Kilka dni temu informowaliśmy o doniesieniach „Bilda” na temat dziwnego zachowania reprezentantów podczas Mistrzostw Świata. Przypomnijmy, że kamery uchwyciły, jak piłkarze Sbornej wdychali nieznaną substancję przed wyjściem na druga połowę meczów z Hiszpanią i Chorwacją. W obu spotkaniach Rosjanie imponowali wytrzymałością i świetną formą fizyczną, a mecze zakończyły się serią rzutów karnych.
Niemieccy dziennikarze postanowili zapytać o tajemnicze zachowanie zawodników u źródła. Rzecznik Rosyjskiej Federacji Piłkarskiej, w rozmowie z „Bildem” przyznał, że piłkarze wąchali nasączoną amoniakiem chusteczkę. Podkreślił jednak, że korzystanie z tego związku chemicznego nie jest zabronione.
Były reprezentant Polski: To nie jest doping
Temat ten poruszył Wojciech Kowalewski w programie „Novotel Football Night”. Były reprezentant Polski w latach 2003-2007 grał w Spartaku Moskwa i spotykał się z podobnym zachowaniem innych zawodników. Jak przyznaje, w metodzie Rosjan nie ma nic kontrowersyjnego.
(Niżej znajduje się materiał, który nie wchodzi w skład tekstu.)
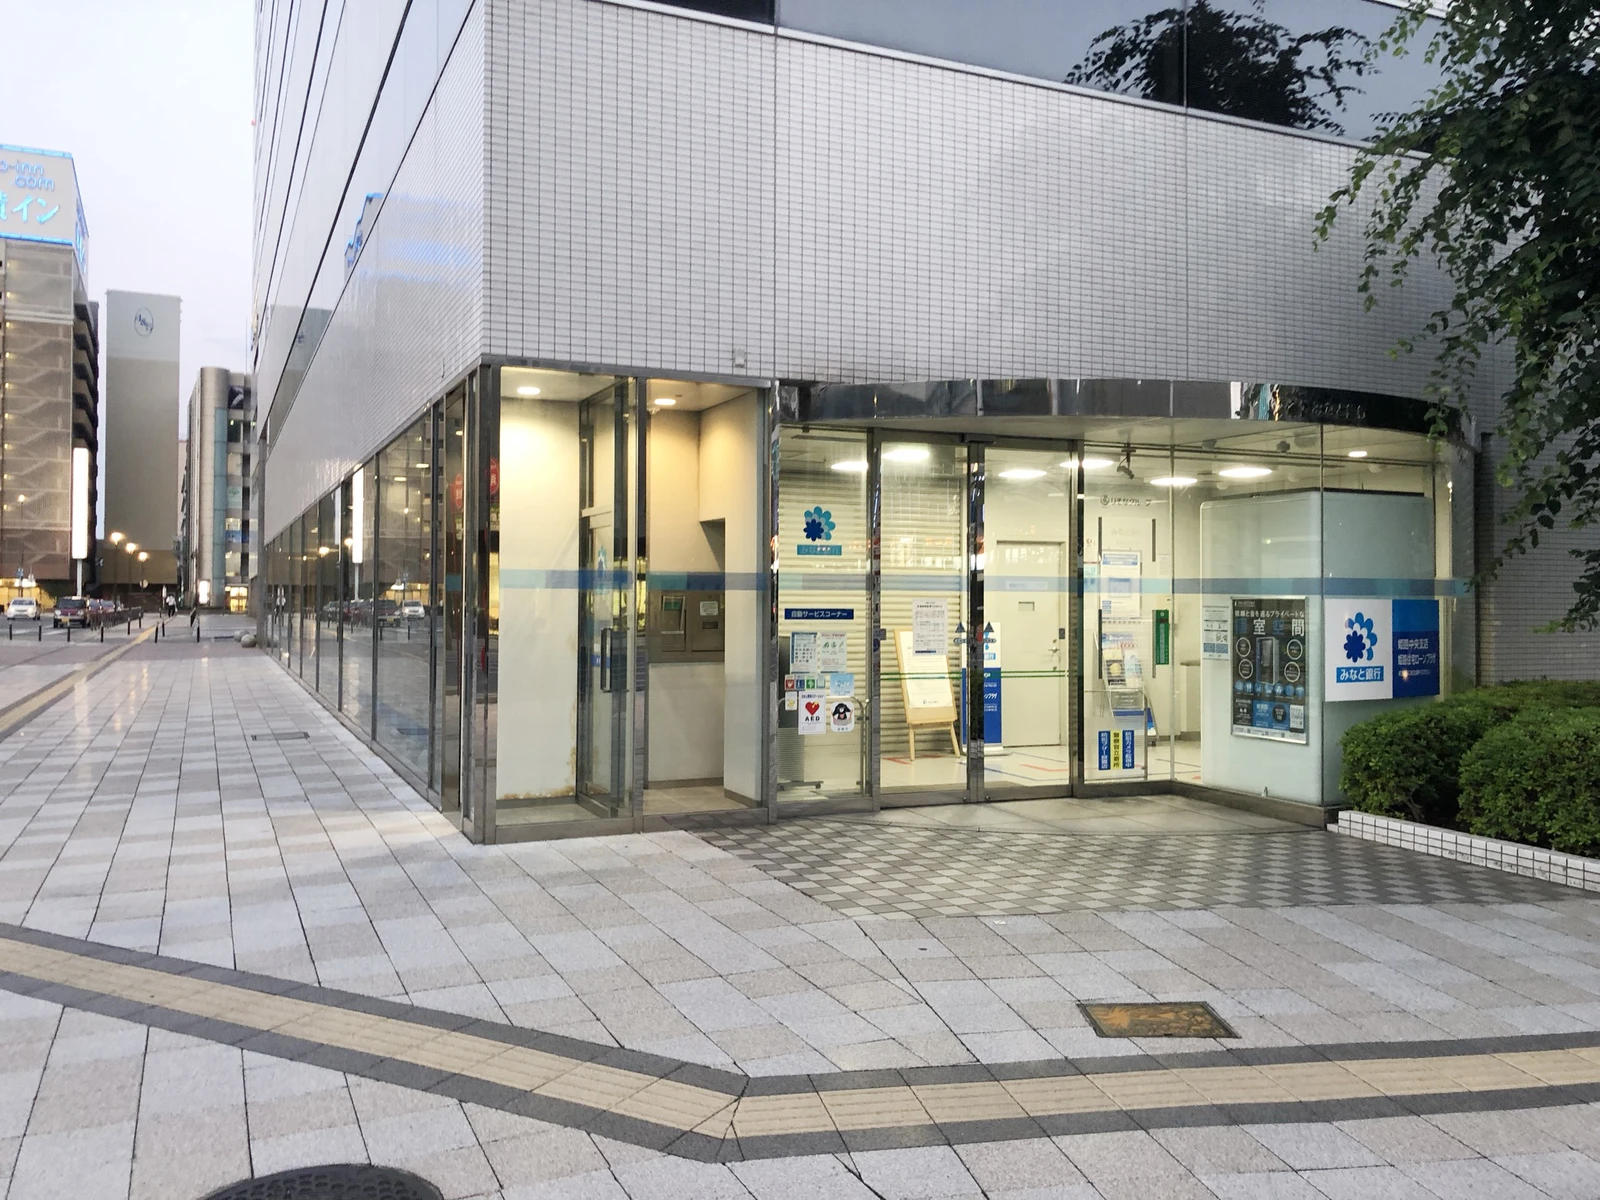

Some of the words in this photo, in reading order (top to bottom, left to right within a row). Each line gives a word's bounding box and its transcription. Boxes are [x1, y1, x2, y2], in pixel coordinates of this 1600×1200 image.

[791, 610, 848, 618] 自動サービスコーナー
[1340, 667, 1381, 681] みなと銀行
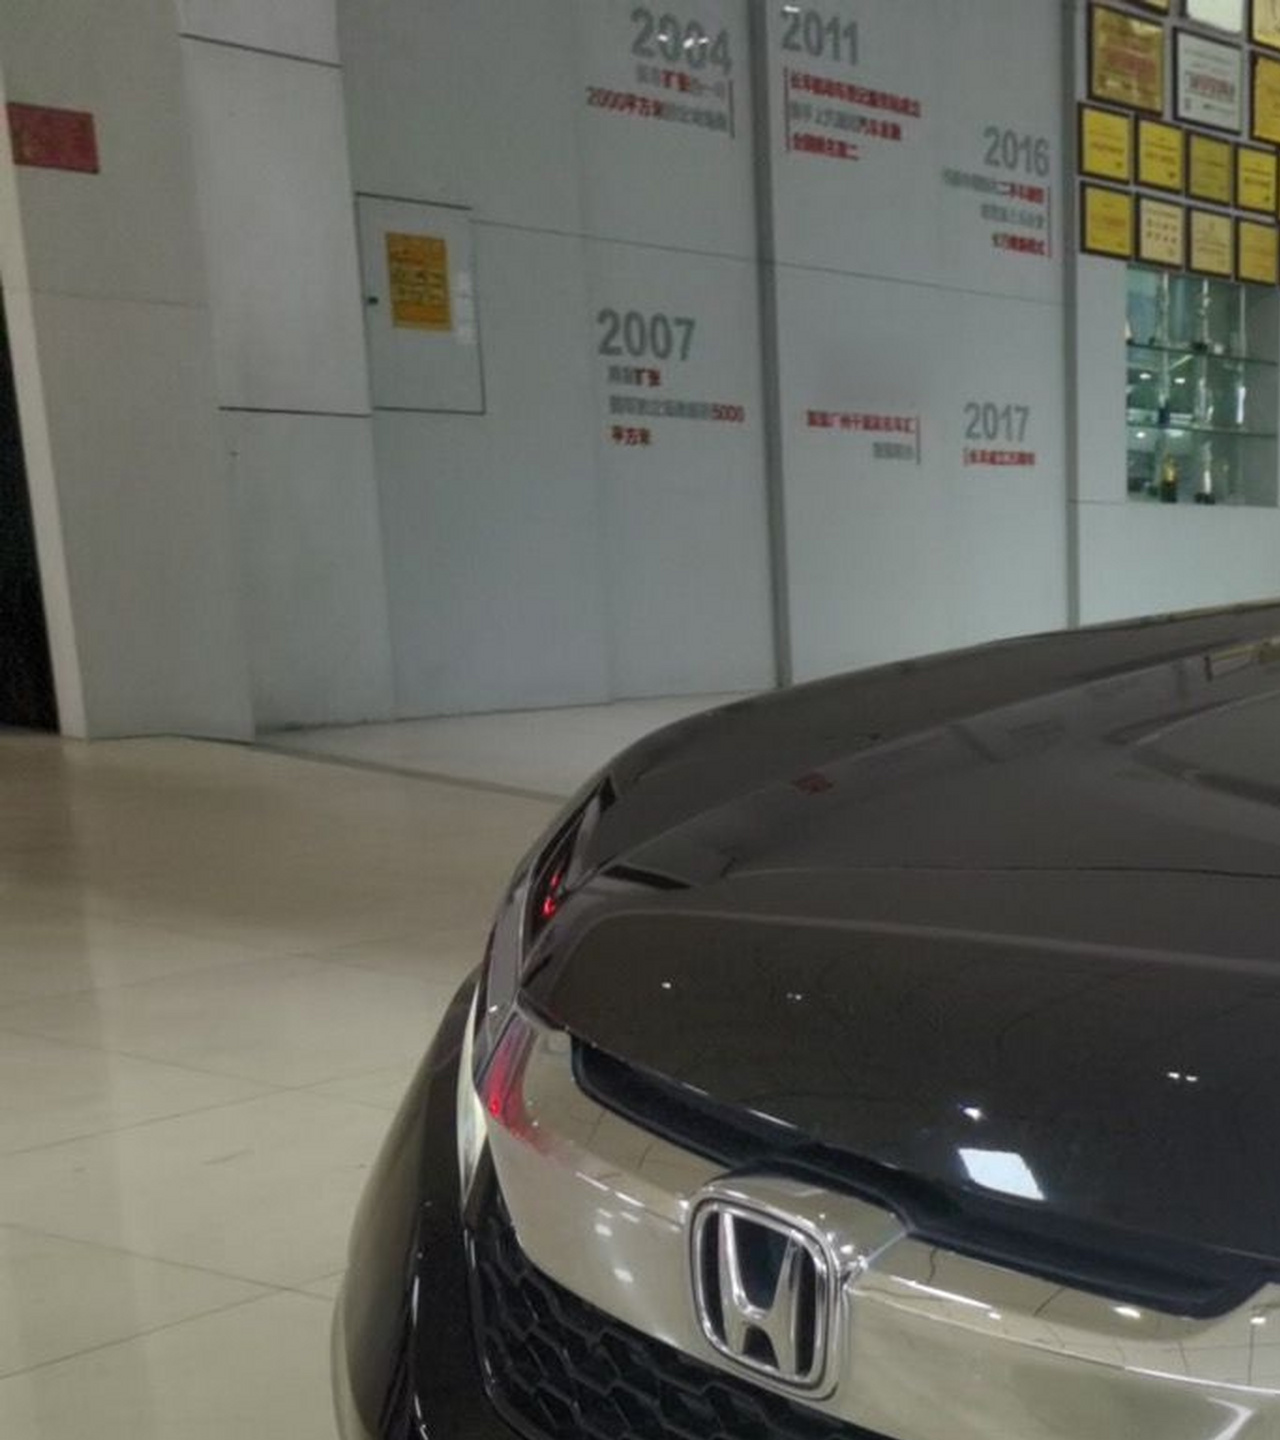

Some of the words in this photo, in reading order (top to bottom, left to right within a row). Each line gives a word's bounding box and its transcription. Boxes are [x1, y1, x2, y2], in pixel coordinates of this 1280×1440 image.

[780, 8, 859, 66] 2011
[982, 126, 1050, 177] 2016
[596, 308, 697, 361] 2007
[963, 401, 1031, 442] 2017
„Sam miałem okazję zetknąć się z tym. (…) Jest to, jeśli dobrze pamiętam, roztwór amoniaku o dużym stężeniu. I sam zapach pobudza bardzo dobrze. O ile pamiętam bokserzy i ciężarowcy to stosują. Nie jest to żaden doping” – przekonuje Kowalewski.
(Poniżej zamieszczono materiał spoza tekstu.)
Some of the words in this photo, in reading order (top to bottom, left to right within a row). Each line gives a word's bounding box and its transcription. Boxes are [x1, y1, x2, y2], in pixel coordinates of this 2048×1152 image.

„Niektórzy moi koledzy stosowali ten zabieg przed rozpoczęciem spotkania, czy przed początkiem drugiej połowy, to w jakiś sposób ich pobudzało. Ja czasami też, jeśliby kawa nie pomagała” – wyjaśnił.
„Nie znam całego mechanizmu reakcji fizjologicznej organizmu. Prawdopodobnie dochodzi do bardzo silnego przekrwienia błony śluzowej nosa” – dodał. Piłkarz przypuszcza, że może to wpłynąć na dystrybucję tlenu do organizmu. To z kolei pobudza zawodnika. Lekarz rosyjskiej kadry również tłumaczył, że jest to legalna substancja, którą każdy może kupić w aptece.